Зернов явно не хотел всерьез разговаривать, он, похоже, просто паясничать настроился — оттого, быть может, что серьезного разговора боялся. Сергеев понял это и рассердился.
— Ну, ты вот что, — сказал он, пользуясь тем, что по прошлому сценарию слов у него сейчас было достаточно. — Ты не слишком-то позволяй себе. Тебе радоваться надо, что мы к тебе обратились, пренебрегли тем, что учинял ты в прошлой жизни…
— Это что же такое я, как ты выразился, позволял?

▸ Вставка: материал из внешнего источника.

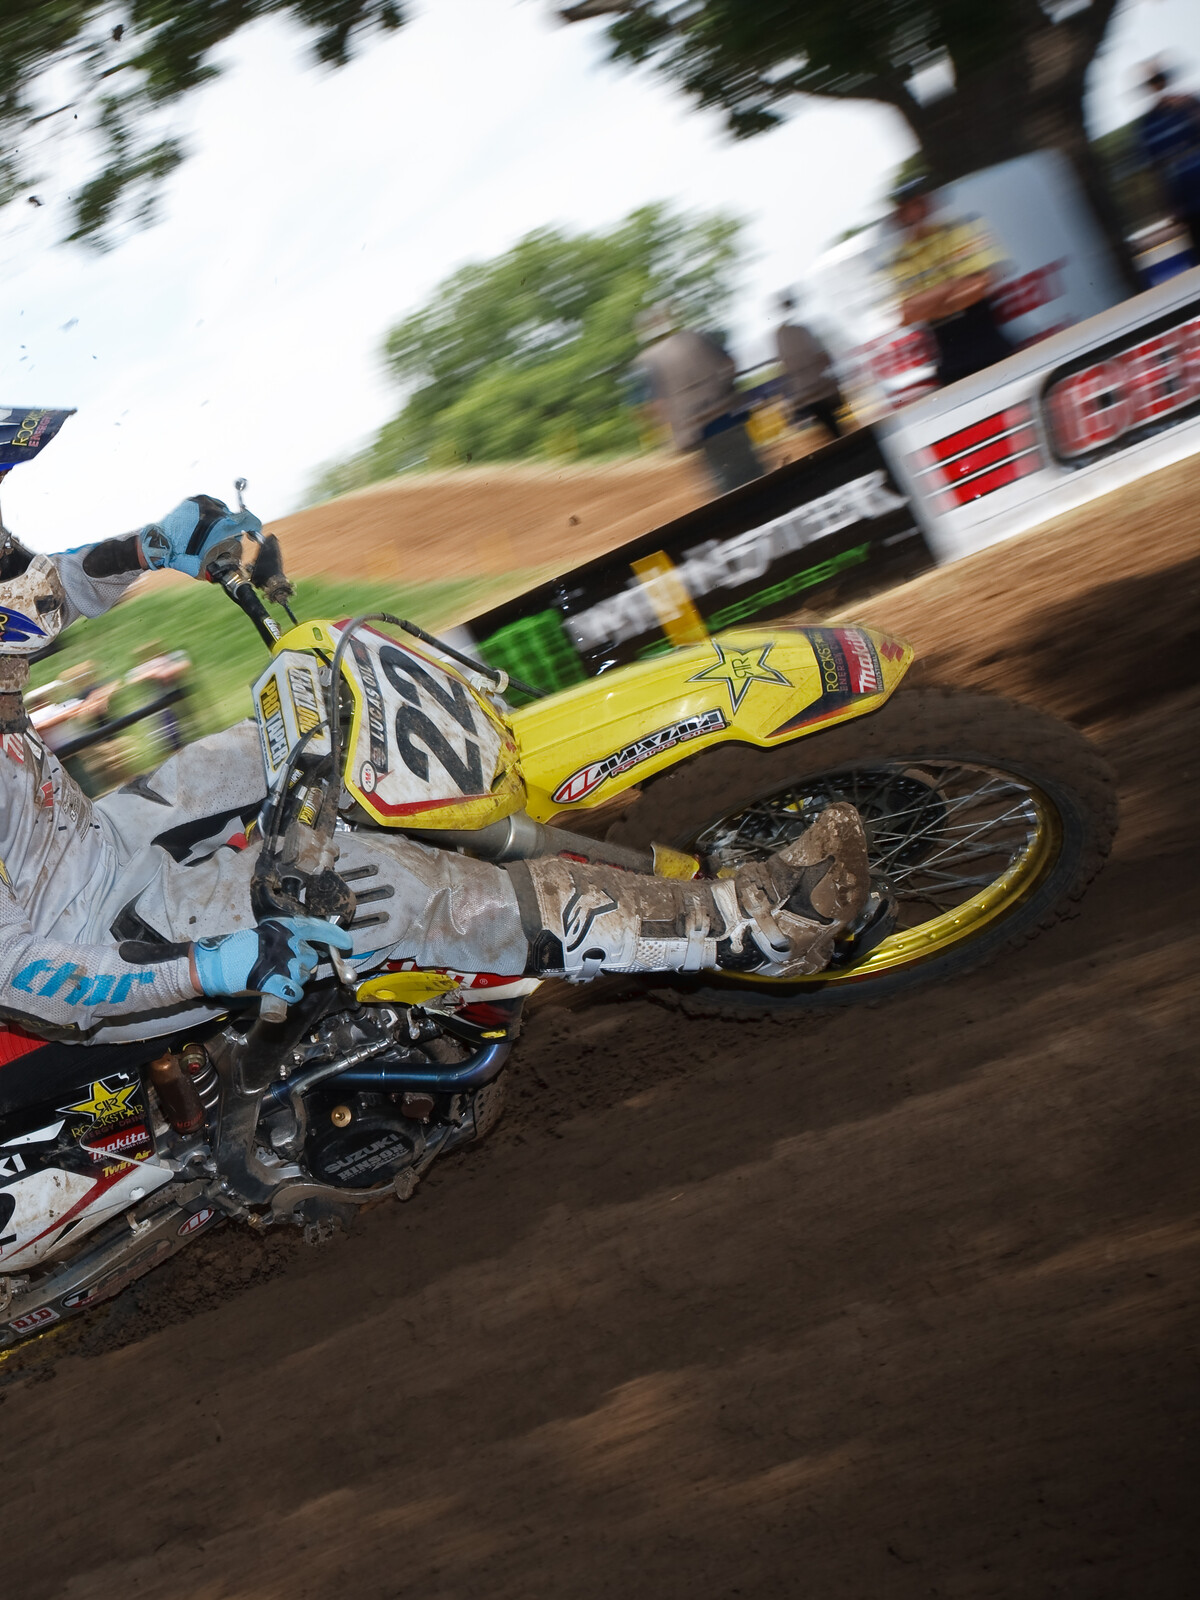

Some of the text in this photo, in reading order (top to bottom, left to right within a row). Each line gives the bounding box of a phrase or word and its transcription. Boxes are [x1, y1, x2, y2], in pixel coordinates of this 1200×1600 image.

[361, 664, 375, 688] OIL
[368, 688, 385, 743] LUCAS
[379, 645, 484, 795] 22
[324, 1133, 399, 1174] SUZUKI
[337, 1143, 405, 1180] HINSON

— Ну, так уж ты и не знаешь!
— Вот именно что знаю! И стыдиться там мне нечего. Свою жизнь — ту — я помню от корки до корки.
— Значит, не так читаешь…
— В малограмотности не замечен. Да и понимаю ведь: если вы ко мне обратились, — а что вы меня не любите, это ясно, — значит, без меня вам в чем-то не обойтись — без такого, каков я есть.

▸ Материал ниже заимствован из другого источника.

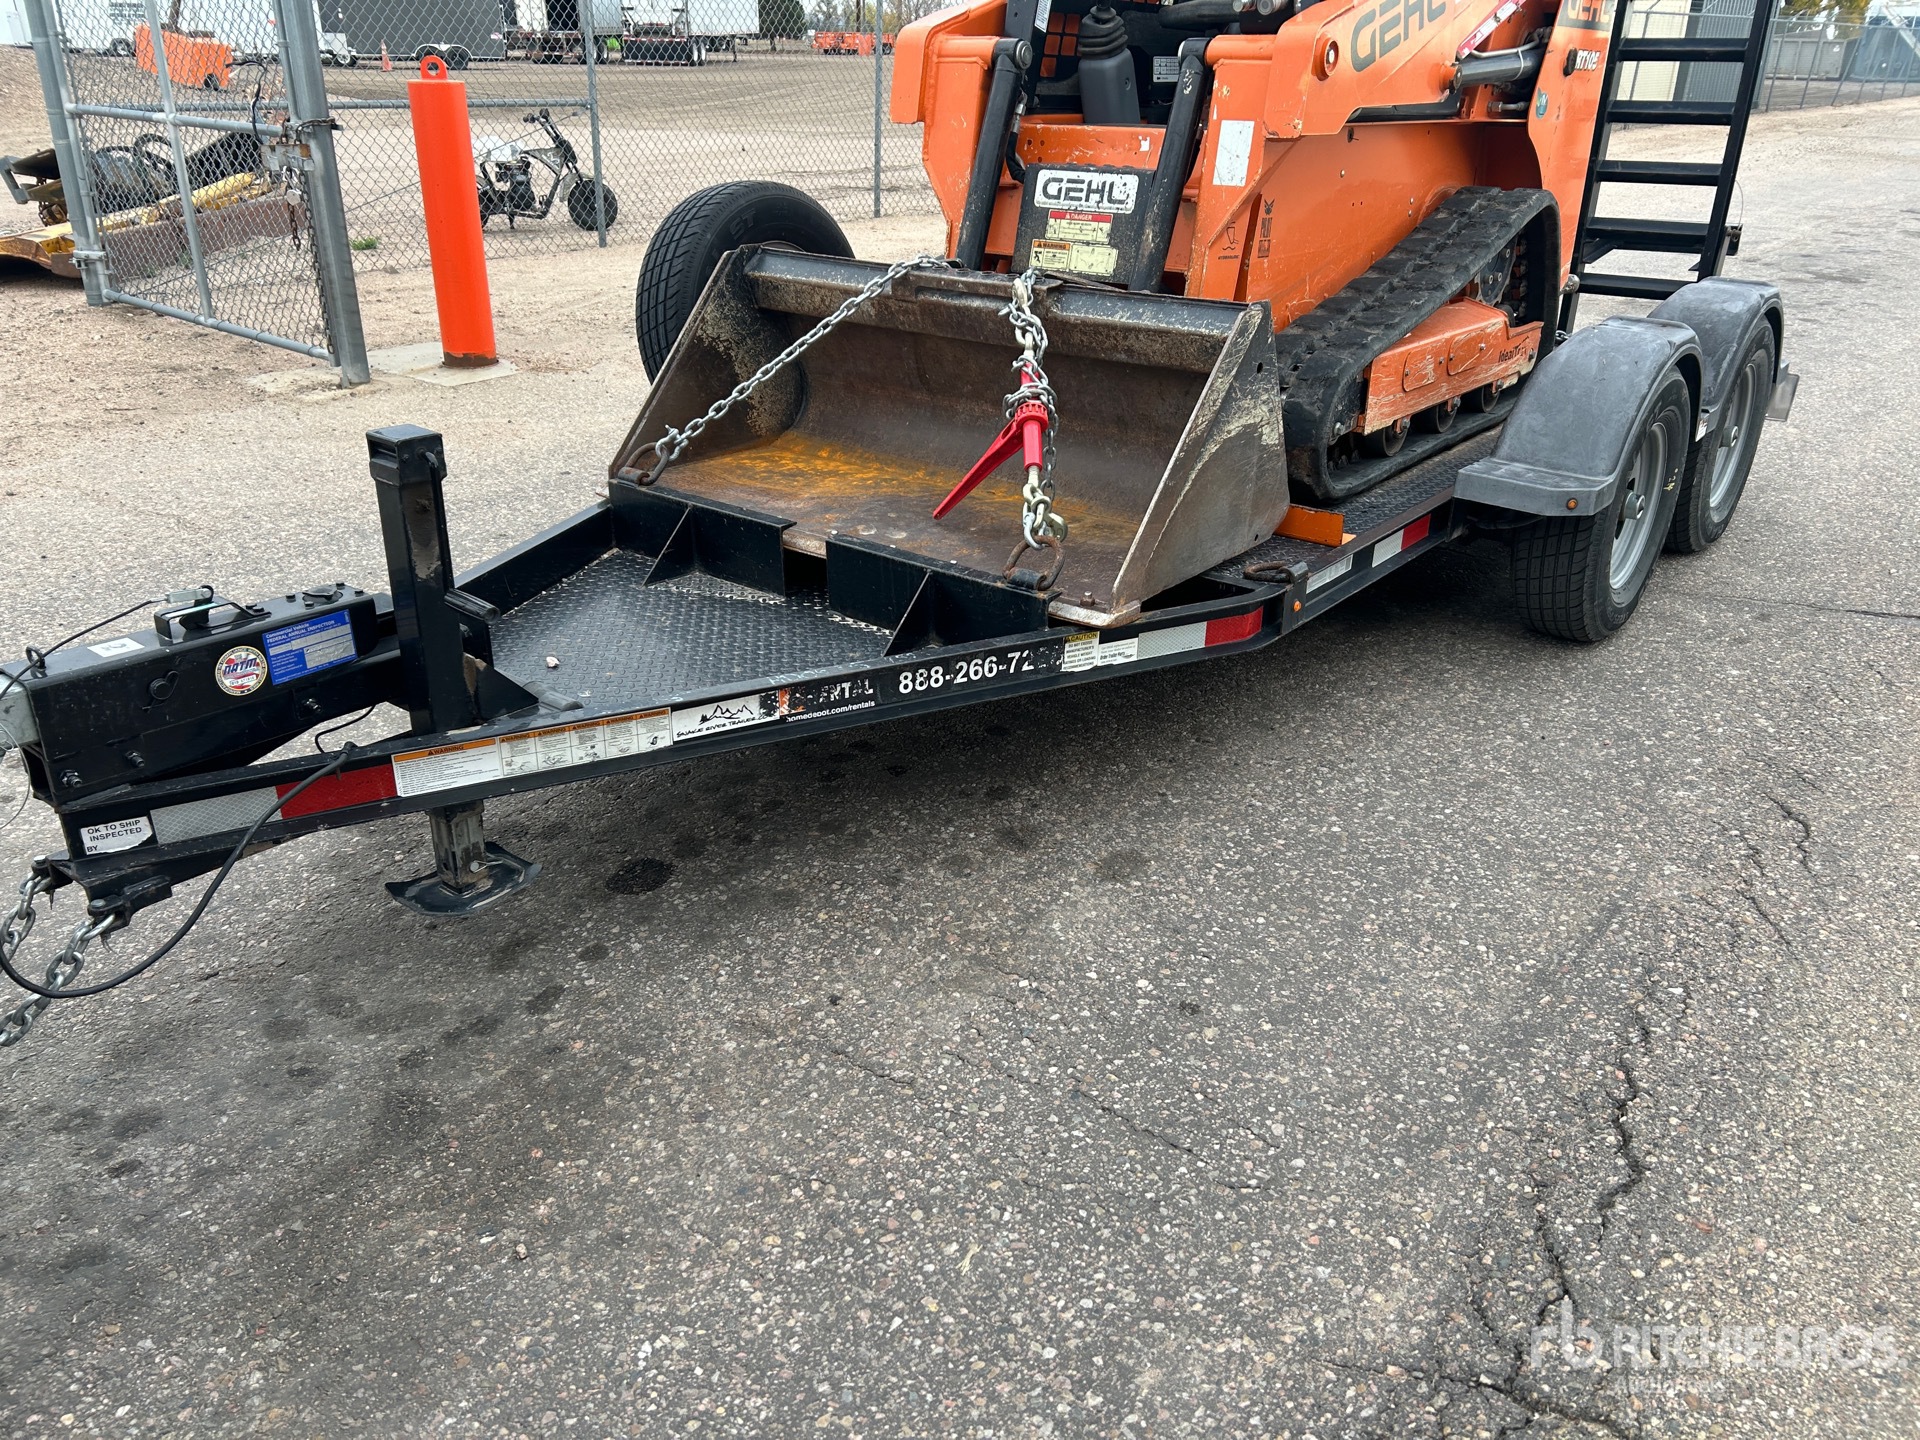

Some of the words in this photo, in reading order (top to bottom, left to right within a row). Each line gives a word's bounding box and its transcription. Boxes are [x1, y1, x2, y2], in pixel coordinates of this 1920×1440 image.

[1575, 49, 1601, 70] RT105
[1042, 177, 1130, 205] GEHL
[267, 635, 288, 644] FEDERAL
[288, 629, 307, 638] ANNUAL
[307, 620, 335, 633] INSPECTION
[1070, 632, 1098, 642] CAUTION
[677, 727, 704, 738] SNAKE
[705, 721, 727, 732] RIVER
[729, 717, 756, 727] TRAILER
[434, 744, 465, 755] WARNING
[87, 826, 101, 835] OK
[104, 823, 117, 832] TO
[118, 819, 141, 829] SHIP
[89, 826, 142, 842] INSPECTED
[86, 845, 98, 853] BY

Так оно и было, видимо, и Сергеева это еще более разозлило: унизительно зависеть хоть в чем-то от подонка, а Зернова он считал подонком, хотя и старался не выказывать своего отношения явно.

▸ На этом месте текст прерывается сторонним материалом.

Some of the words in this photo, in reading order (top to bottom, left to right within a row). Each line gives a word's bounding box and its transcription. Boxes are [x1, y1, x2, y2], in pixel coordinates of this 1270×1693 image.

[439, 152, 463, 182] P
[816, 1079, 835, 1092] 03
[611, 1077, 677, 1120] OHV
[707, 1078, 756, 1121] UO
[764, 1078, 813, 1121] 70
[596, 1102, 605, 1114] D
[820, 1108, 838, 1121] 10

— Ну, не знаю, — сказал он. — Нужен, да, но это еще не значит, что без тебя нам никак не обойтись. Вдруг да обойдемся. А время ведь одно для всех, и неизбежно ты окажешься там же, где и остальной мир: в том времени, что снова пойдет от прошлого к будущему. Где снова можно будет совершать поступки, а не просто выполнять предуказанное. А память ведь сохранится, и распространится даже — и вот тогда тебе горько будет, товарищ начальник, ох как горько… Так что ты уж будь добр — подумай надо всем как следует. А то ведь и опоздать можешь…
— Ладно, — сказал Зернов примирительно: не хотелось ему никакой горечи, хотя бы и предполагаемой только. — Не кипятись. Подумаю серьезно. Только информация мне нужна.
— А это — потом. Если надумаешь.
— Да что ты заладил… Я обо всем этом думаю наверняка куда больше вашего. Потому что ты и все вроде тебя — вы просто верите, а мне веры мало; я знать должен. Помри-ка ты сам хоть раз от рака — тогда поймешь, почему я так… Ты сам-то отчего умер, кстати?
— От сердечной недостаточности, — нехотя ответил Сергеев.
— Небось сразу, в несколько минут, а то и вообще во сне, ничего и не ведая о том, что умираешь… Ну вот; где же тебе меня понять?
На это возражать как-то неловко было: что правда, то правда, умер Зернов тяжело. Можно было бы, конечно, намекнуть на то, что всякому воздается по грехам его; но Сергеев почел, что сказано уже достаточно.
— Ну, думай, думай, — сказал он. — Знаю, ты ведь рисковать не любишь, тебе надо разыграть до верного. Думай, но только не забывай на часы поглядывать: время-то идет.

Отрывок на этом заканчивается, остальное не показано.